#### DATASET EXTRACT ####
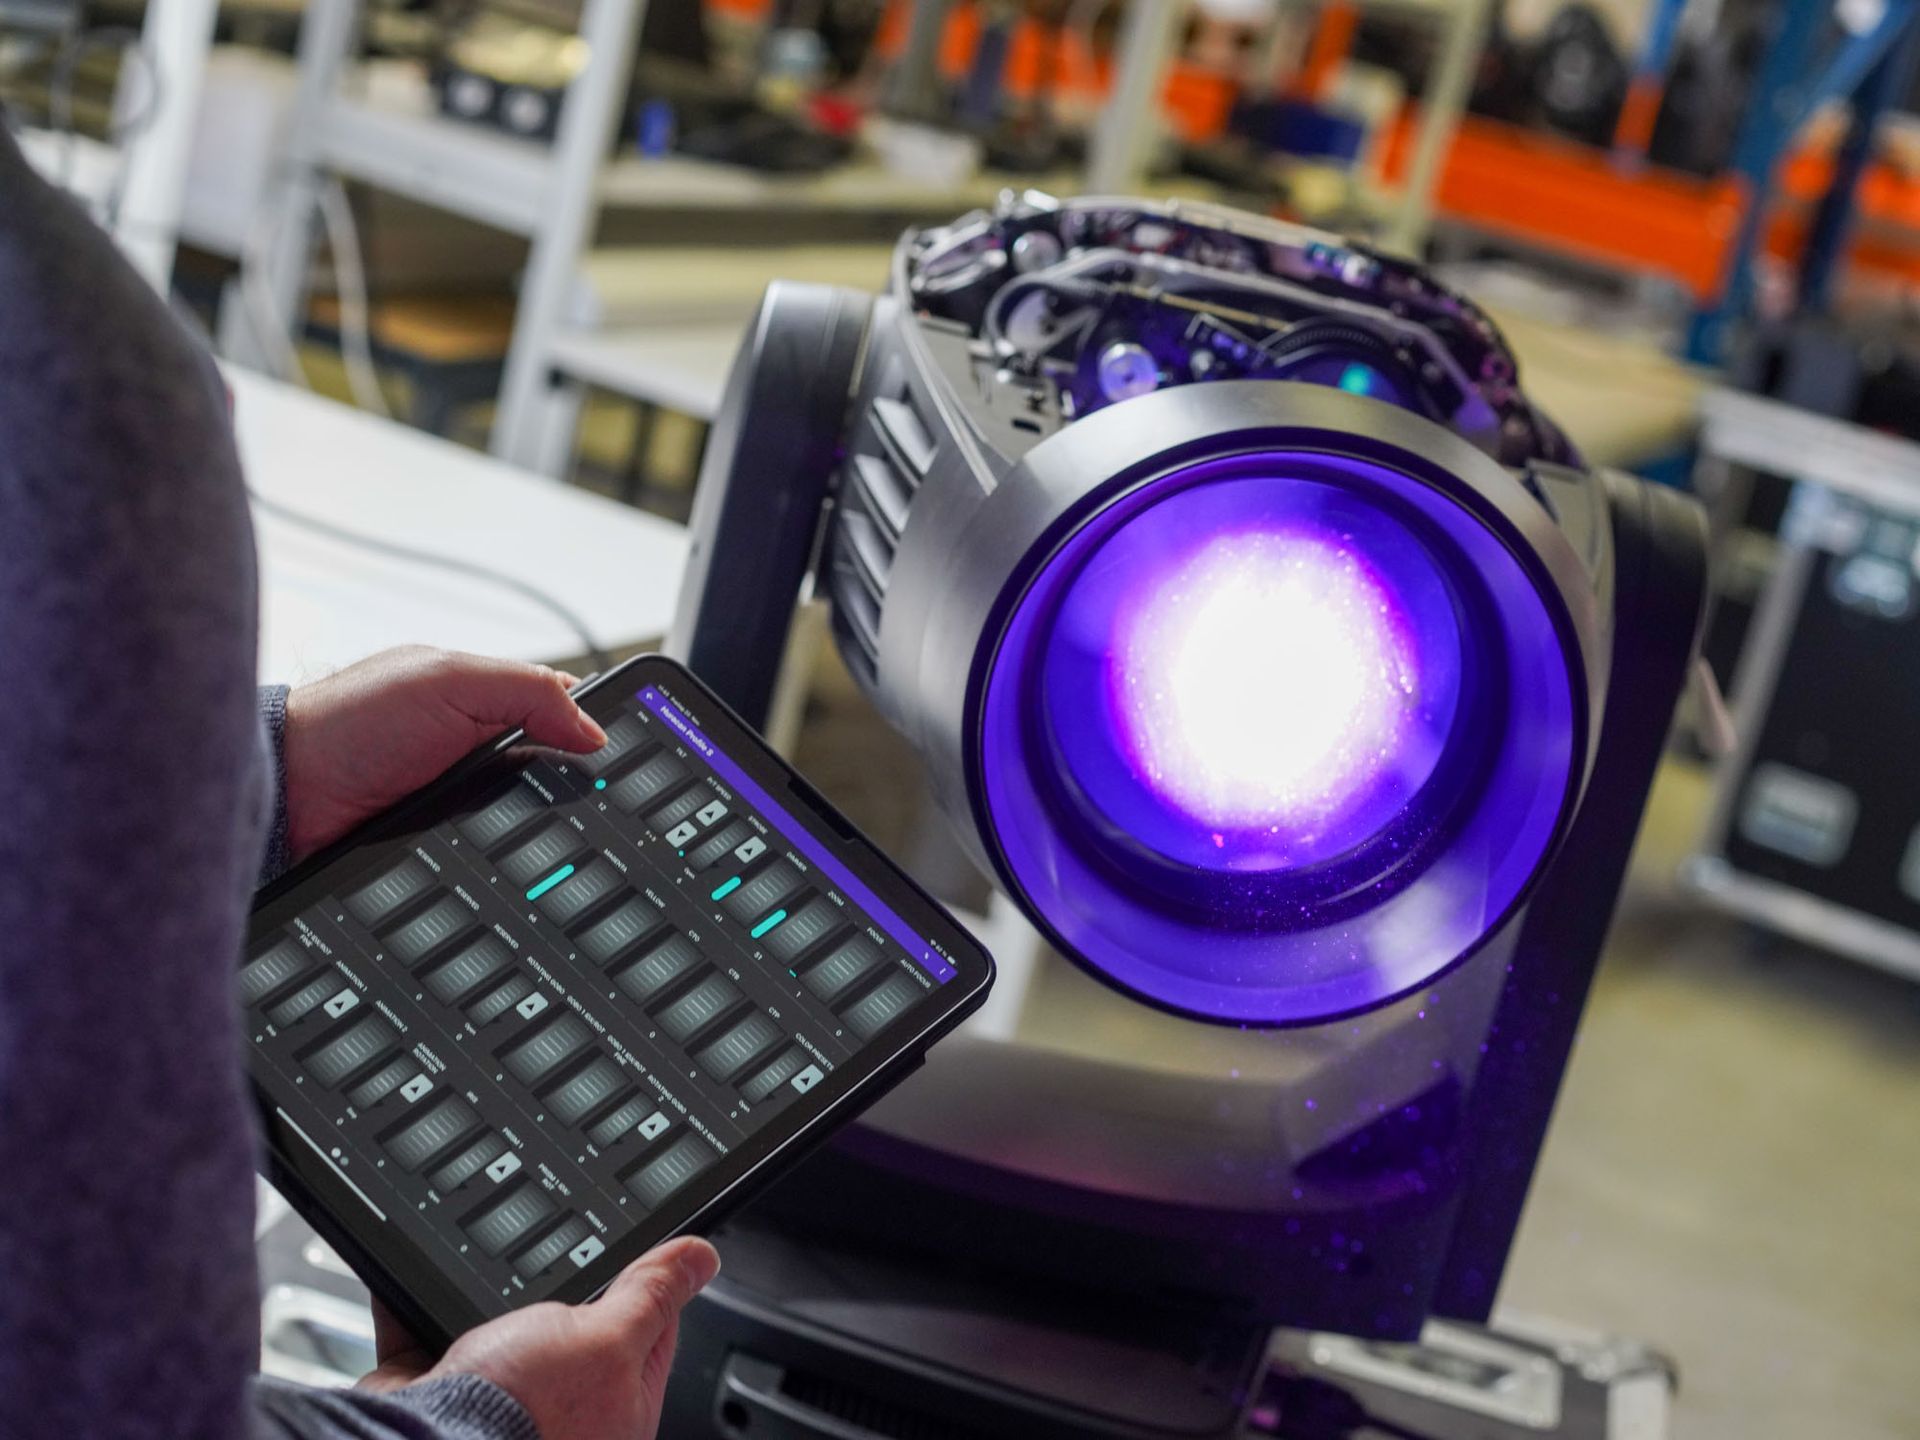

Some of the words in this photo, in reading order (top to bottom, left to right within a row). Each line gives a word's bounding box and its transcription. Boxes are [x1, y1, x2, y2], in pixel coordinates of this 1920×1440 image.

[685, 729, 708, 751] Profile
[676, 746, 687, 758] TILT
[522, 771, 542, 788] COLOR
[537, 785, 554, 803] WHEEL
[715, 784, 732, 801] SPEED
[569, 816, 585, 831] CYAN
[416, 847, 441, 872] RESERVED
[603, 848, 628, 873] MAGENTA
[454, 885, 480, 910] RESERVED
[645, 888, 666, 908] YELLOW
[827, 890, 845, 907] ZOOM
[494, 923, 519, 949] RESERVED
[688, 929, 700, 942] CTO
[866, 927, 885, 945] FOCUS
[336, 960, 364, 989] ANIMATION
[527, 956, 552, 981] ROTATING
[550, 978, 566, 995] GOBO
[900, 959, 915, 973] AUTO
[913, 970, 931, 989] FOCUS
[566, 995, 583, 1012] GOBO
[768, 1006, 781, 1018] CTP
[375, 1000, 404, 1029] ANIMATION
[607, 1035, 623, 1051] GOBO
[795, 1032, 814, 1051] COLOR
[811, 1048, 834, 1071] PRESETS
[413, 1047, 439, 1074] ROTATION
[417, 1042, 446, 1071] ANIMATION
[613, 1051, 628, 1066] FINE
[647, 1074, 673, 1101] ROTATING
[671, 1097, 687, 1114] GOBO
[688, 1115, 705, 1131] GOBO
[502, 1127, 521, 1146] PRISM
[538, 1163, 557, 1182] PRISM
[585, 1210, 604, 1229] PRISM
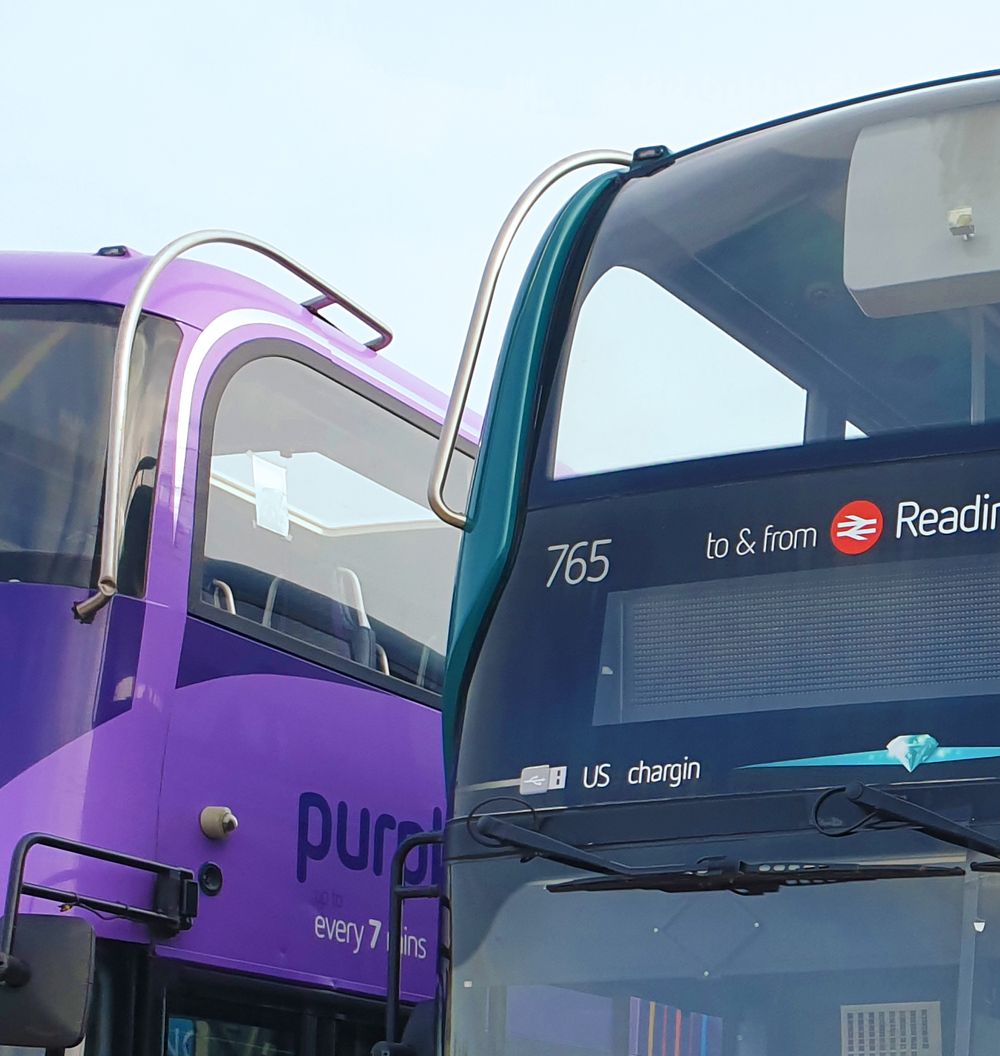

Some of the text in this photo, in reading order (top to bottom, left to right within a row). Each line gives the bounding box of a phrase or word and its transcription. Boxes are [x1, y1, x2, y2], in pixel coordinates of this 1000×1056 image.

[706, 524, 817, 560] to & from
[546, 539, 613, 588] 765
[628, 757, 701, 788] chargin
[314, 915, 364, 954] every
[368, 919, 382, 949] 7
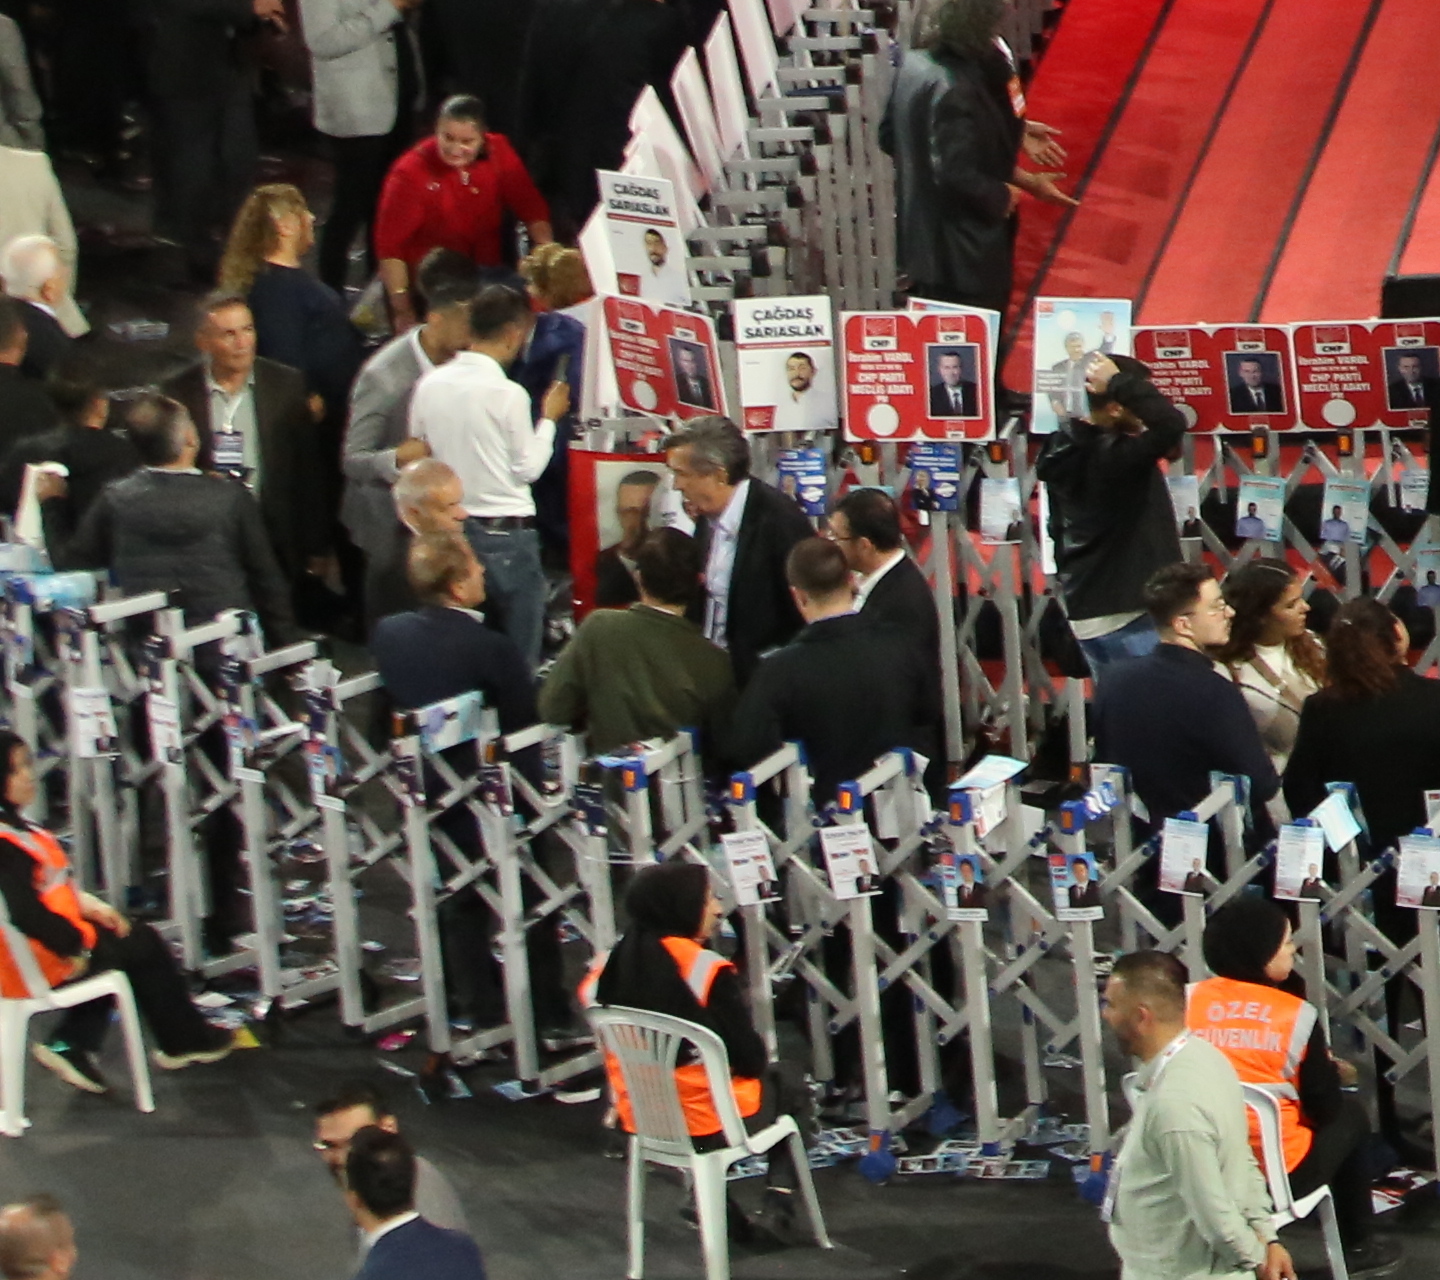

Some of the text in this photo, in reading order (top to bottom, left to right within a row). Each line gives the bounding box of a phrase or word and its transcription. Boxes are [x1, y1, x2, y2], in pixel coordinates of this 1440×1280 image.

[614, 182, 662, 201] ÇAĞDAŞ
[608, 197, 671, 218] SARIASLAN
[752, 305, 815, 324] ÇAĞDAŞ
[744, 324, 825, 339] SARIASLAN
[1207, 999, 1273, 1023] ÖZEL
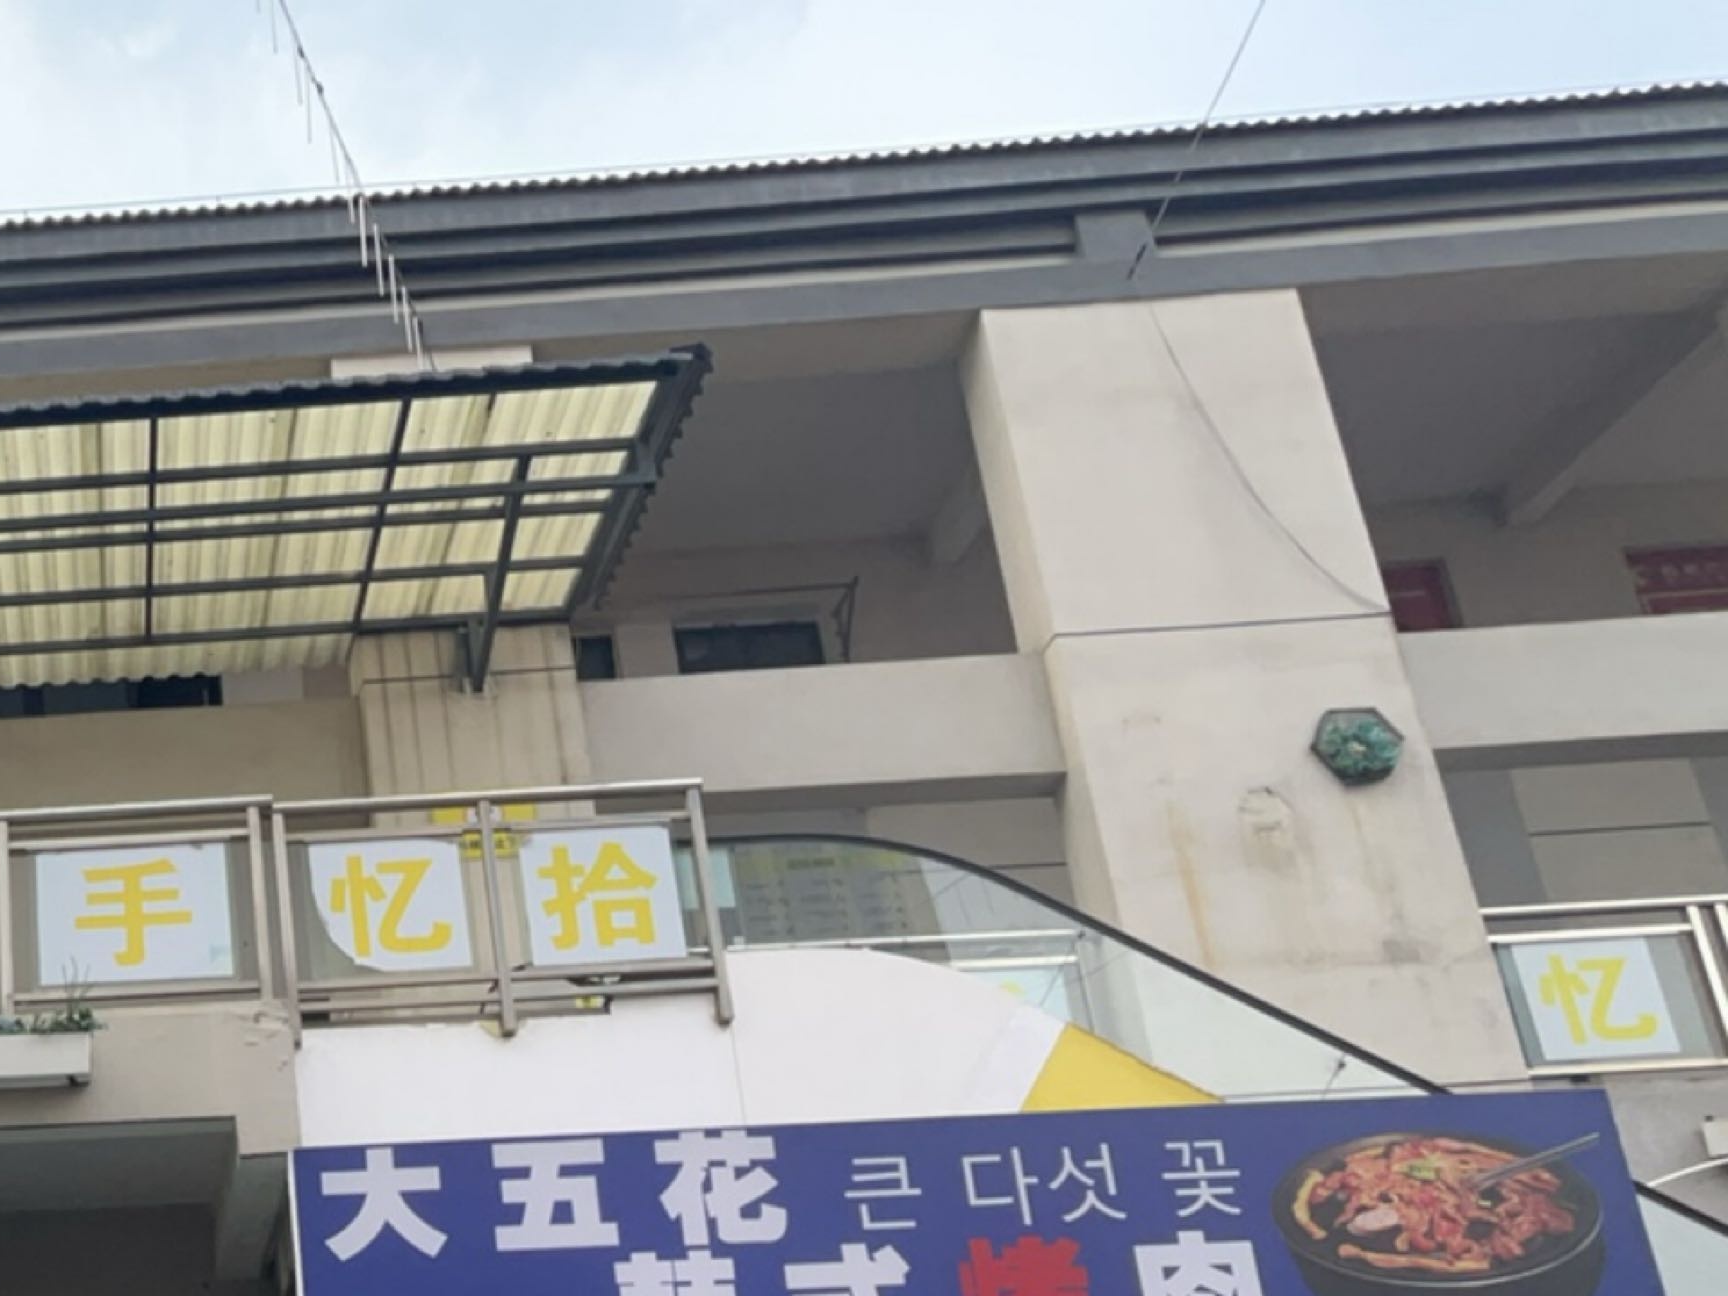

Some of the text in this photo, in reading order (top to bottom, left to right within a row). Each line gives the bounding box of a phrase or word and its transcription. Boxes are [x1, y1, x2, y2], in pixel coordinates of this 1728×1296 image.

[73, 857, 193, 967] 手
[328, 854, 453, 958] 忆
[536, 841, 658, 952] 拾
[1538, 953, 1658, 1046] 忆
[320, 1128, 788, 1262] 大五花
[843, 1139, 1242, 1231] 큰 다섯 꽃
####
WORK REQUEST
Exact copy, no pictures: reproduce every record as it stands.

FINISHED EXERCISE
Some of the words in this photo, in reading order (top to bottom, left to right within a row). Each line gives a word's bounding box and its transcription. Boxes are [x1, y1, x2, y2], in pixel coordinates of this 1920×1440 image.

[685, 729, 708, 751] Profile
[676, 746, 687, 758] TILT
[522, 771, 542, 788] COLOR
[537, 785, 554, 803] WHEEL
[715, 784, 732, 801] SPEED
[569, 816, 585, 831] CYAN
[416, 847, 441, 872] RESERVED
[603, 848, 628, 873] MAGENTA
[454, 885, 480, 910] RESERVED
[645, 888, 666, 908] YELLOW
[827, 890, 845, 907] ZOOM
[494, 923, 519, 949] RESERVED
[688, 929, 700, 942] CTO
[866, 927, 885, 945] FOCUS
[336, 960, 364, 989] ANIMATION
[527, 956, 552, 981] ROTATING
[550, 978, 566, 995] GOBO
[900, 959, 915, 973] AUTO
[913, 970, 931, 989] FOCUS
[566, 995, 583, 1012] GOBO
[768, 1006, 781, 1018] CTP
[375, 1000, 404, 1029] ANIMATION
[607, 1035, 623, 1051] GOBO
[795, 1032, 814, 1051] COLOR
[811, 1048, 834, 1071] PRESETS
[413, 1047, 439, 1074] ROTATION
[417, 1042, 446, 1071] ANIMATION
[613, 1051, 628, 1066] FINE
[647, 1074, 673, 1101] ROTATING
[671, 1097, 687, 1114] GOBO
[688, 1115, 705, 1131] GOBO
[502, 1127, 521, 1146] PRISM
[538, 1163, 557, 1182] PRISM
[585, 1210, 604, 1229] PRISM

Some of the text in this photo, in reading order (top to bottom, left to right within a row). Each line gives the bounding box of a phrase or word and its transcription. Boxes are [x1, y1, x2, y2], in pixel coordinates of this 1000×1056 image.

[706, 524, 817, 560] to & from
[546, 539, 613, 588] 765
[628, 757, 701, 788] chargin
[314, 915, 364, 954] every
[368, 919, 382, 949] 7

Some of the text in this photo, in reading order (top to bottom, left to right within a row). Each line gives the bounding box of a phrase or word and its transcription. Boxes are [x1, y1, x2, y2], in pixel coordinates of this 1440×1280 image.

[614, 182, 662, 201] ÇAĞDAŞ
[608, 197, 671, 218] SARIASLAN
[752, 305, 815, 324] ÇAĞDAŞ
[744, 324, 825, 339] SARIASLAN
[1207, 999, 1273, 1023] ÖZEL

Some of the text in this photo, in reading order (top to bottom, left to right within a row). Each line gives the bounding box of a phrase or word and its transcription. Boxes are [x1, y1, x2, y2], in pixel coordinates of this 1728×1296 image.

[73, 857, 193, 967] 手
[328, 854, 453, 958] 忆
[536, 841, 658, 952] 拾
[1538, 953, 1658, 1046] 忆
[320, 1128, 788, 1262] 大五花
[843, 1139, 1242, 1231] 큰 다섯 꽃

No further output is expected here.